### The task
Starting with the line that contains "this 2212×1659 image.", copy out each line through the end of the entries below, exactly as written, and nothing else.

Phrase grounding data
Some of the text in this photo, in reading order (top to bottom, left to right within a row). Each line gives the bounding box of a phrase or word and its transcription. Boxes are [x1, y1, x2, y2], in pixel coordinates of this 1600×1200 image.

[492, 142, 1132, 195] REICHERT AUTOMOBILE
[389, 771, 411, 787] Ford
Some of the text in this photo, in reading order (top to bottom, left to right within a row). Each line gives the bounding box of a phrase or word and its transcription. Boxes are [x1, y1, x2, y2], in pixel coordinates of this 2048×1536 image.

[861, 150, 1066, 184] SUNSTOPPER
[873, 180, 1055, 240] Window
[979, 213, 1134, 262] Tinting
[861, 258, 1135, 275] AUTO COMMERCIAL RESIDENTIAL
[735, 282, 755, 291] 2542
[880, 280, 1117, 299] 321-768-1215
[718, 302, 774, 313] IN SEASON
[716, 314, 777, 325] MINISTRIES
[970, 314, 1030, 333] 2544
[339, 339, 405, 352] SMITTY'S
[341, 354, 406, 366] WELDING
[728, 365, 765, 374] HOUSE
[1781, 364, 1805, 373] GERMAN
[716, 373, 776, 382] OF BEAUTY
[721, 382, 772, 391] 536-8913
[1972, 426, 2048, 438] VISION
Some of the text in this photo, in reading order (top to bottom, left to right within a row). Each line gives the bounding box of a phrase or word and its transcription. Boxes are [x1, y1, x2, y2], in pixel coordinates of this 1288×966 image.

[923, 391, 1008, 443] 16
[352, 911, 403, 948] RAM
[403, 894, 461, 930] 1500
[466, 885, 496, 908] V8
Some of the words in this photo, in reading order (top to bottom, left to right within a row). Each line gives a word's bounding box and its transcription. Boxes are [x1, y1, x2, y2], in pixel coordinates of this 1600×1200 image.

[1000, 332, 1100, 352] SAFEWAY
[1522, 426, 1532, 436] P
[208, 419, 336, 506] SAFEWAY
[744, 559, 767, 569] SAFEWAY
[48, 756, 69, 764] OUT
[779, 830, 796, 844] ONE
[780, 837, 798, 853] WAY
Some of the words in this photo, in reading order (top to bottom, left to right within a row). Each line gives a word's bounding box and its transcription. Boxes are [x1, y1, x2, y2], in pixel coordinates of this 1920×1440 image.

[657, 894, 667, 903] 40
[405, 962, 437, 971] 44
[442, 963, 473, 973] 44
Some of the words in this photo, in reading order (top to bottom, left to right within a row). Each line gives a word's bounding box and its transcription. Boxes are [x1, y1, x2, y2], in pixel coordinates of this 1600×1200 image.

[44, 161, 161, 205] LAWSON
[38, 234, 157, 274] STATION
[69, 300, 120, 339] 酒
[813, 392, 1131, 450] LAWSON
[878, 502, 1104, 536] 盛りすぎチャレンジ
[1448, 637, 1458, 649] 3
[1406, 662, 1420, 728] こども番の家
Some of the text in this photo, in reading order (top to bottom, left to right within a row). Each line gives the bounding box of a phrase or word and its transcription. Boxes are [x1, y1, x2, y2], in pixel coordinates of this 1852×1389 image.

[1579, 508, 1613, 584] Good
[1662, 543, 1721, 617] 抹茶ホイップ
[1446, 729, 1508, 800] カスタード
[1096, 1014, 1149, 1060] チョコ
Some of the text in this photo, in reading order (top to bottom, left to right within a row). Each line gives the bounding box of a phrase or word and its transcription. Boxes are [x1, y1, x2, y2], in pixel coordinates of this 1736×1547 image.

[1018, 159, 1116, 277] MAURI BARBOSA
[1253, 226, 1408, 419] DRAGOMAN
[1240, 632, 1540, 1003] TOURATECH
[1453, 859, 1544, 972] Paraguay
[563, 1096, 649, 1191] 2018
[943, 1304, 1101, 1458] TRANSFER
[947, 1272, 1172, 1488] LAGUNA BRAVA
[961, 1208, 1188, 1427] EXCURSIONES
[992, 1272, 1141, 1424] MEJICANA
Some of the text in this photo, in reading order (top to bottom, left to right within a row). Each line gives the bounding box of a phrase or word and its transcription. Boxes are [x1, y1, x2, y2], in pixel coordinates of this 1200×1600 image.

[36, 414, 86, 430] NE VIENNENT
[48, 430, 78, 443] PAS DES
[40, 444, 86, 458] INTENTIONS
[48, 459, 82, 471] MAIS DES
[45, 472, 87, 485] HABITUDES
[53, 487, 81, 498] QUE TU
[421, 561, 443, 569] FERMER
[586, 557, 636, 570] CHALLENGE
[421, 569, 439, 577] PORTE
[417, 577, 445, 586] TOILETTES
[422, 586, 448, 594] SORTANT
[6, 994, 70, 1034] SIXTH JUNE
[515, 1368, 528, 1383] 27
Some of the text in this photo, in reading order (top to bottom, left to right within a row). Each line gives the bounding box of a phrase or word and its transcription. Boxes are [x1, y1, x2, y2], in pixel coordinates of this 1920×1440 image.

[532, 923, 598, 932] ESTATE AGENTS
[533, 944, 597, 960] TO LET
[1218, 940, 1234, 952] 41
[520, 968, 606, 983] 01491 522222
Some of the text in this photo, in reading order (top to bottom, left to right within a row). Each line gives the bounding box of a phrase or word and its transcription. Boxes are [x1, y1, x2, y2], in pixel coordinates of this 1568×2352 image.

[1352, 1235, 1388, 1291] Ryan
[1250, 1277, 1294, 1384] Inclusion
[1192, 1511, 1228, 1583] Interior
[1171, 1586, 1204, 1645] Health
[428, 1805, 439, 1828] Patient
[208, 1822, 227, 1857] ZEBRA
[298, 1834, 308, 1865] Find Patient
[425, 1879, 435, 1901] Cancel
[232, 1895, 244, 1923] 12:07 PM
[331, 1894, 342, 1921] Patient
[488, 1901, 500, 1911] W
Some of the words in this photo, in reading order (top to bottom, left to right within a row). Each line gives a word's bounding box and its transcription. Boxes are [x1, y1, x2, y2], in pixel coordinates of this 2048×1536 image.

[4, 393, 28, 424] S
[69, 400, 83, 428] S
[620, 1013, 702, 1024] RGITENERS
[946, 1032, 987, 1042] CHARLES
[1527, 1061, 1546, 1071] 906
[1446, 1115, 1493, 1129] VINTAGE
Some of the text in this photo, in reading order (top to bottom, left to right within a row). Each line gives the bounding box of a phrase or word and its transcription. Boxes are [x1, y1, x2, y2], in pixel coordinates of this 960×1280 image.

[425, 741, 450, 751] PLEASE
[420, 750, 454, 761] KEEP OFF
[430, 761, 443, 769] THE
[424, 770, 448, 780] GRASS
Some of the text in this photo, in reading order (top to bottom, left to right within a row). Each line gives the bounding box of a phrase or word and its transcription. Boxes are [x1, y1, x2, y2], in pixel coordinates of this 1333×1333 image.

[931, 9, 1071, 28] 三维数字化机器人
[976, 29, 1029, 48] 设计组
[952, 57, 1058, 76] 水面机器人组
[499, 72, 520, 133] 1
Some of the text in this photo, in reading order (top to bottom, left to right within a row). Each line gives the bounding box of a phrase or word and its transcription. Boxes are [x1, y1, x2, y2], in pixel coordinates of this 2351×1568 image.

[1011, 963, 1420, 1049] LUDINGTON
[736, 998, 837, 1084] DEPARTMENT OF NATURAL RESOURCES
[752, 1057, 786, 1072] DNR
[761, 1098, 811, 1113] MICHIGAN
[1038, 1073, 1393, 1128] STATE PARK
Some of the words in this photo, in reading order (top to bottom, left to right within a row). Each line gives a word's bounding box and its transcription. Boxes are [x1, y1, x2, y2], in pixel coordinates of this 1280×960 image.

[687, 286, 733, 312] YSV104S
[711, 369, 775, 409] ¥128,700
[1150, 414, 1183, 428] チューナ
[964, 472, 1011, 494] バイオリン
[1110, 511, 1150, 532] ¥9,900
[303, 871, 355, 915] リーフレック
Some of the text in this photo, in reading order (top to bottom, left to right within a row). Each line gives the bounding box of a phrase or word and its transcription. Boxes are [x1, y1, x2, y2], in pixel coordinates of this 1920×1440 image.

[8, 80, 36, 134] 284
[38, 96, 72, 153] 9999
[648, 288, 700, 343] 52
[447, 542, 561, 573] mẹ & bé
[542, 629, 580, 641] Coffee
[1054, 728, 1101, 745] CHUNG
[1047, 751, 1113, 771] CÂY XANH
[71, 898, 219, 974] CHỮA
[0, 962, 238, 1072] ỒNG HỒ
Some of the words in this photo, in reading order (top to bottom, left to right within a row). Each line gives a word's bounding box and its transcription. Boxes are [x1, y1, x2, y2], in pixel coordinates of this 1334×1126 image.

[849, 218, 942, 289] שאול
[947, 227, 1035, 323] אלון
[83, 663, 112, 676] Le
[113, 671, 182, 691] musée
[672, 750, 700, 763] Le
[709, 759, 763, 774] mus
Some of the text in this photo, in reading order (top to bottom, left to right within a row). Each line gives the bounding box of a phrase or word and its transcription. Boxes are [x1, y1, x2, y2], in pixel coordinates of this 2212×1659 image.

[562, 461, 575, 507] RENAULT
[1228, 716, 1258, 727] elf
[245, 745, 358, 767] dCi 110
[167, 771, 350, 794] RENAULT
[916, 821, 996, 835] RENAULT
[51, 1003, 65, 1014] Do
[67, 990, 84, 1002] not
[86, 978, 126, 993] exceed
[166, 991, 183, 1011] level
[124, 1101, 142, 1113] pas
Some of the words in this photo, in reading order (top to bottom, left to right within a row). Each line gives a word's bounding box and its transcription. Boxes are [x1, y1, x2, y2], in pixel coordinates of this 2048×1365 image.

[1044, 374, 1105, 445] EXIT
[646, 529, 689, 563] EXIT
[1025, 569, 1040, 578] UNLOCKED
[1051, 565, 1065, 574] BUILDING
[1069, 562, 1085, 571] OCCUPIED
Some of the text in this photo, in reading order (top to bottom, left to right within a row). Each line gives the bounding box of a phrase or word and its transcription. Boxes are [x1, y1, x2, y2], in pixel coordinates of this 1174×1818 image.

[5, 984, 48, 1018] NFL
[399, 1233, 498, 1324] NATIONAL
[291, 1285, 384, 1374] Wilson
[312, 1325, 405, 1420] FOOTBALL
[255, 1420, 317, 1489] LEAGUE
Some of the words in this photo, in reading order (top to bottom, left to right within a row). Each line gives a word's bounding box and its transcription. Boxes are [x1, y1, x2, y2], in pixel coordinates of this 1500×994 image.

### Answer space
Some of the text in this photo, in reading order (top to bottom, left to right within a row). Each line gives the bounding box of a phrase or word and its transcription. Boxes are [x1, y1, x2, y2], in pixel coordinates of this 2212×1659 image.

[562, 461, 575, 507] RENAULT
[1228, 716, 1258, 727] elf
[245, 745, 358, 767] dCi 110
[167, 771, 350, 794] RENAULT
[916, 821, 996, 835] RENAULT
[51, 1003, 65, 1014] Do
[67, 990, 84, 1002] not
[86, 978, 126, 993] exceed
[166, 991, 183, 1011] level
[124, 1101, 142, 1113] pas
Some of the words in this photo, in reading order (top to bottom, left to right within a row). Each line gives a word's bounding box and its transcription. Boxes are [x1, y1, x2, y2], in pixel coordinates of this 2048×1365 image.

[1044, 374, 1105, 445] EXIT
[646, 529, 689, 563] EXIT
[1025, 569, 1040, 578] UNLOCKED
[1051, 565, 1065, 574] BUILDING
[1069, 562, 1085, 571] OCCUPIED
Some of the text in this photo, in reading order (top to bottom, left to right within a row). Each line gives the bounding box of a phrase or word and its transcription. Boxes are [x1, y1, x2, y2], in pixel coordinates of this 1174×1818 image.

[5, 984, 48, 1018] NFL
[399, 1233, 498, 1324] NATIONAL
[291, 1285, 384, 1374] Wilson
[312, 1325, 405, 1420] FOOTBALL
[255, 1420, 317, 1489] LEAGUE
Some of the words in this photo, in reading order (top to bottom, left to right within a row). Each line gives a word's bounding box and its transcription. Boxes are [x1, y1, x2, y2], in pixel coordinates of this 1500×994 image.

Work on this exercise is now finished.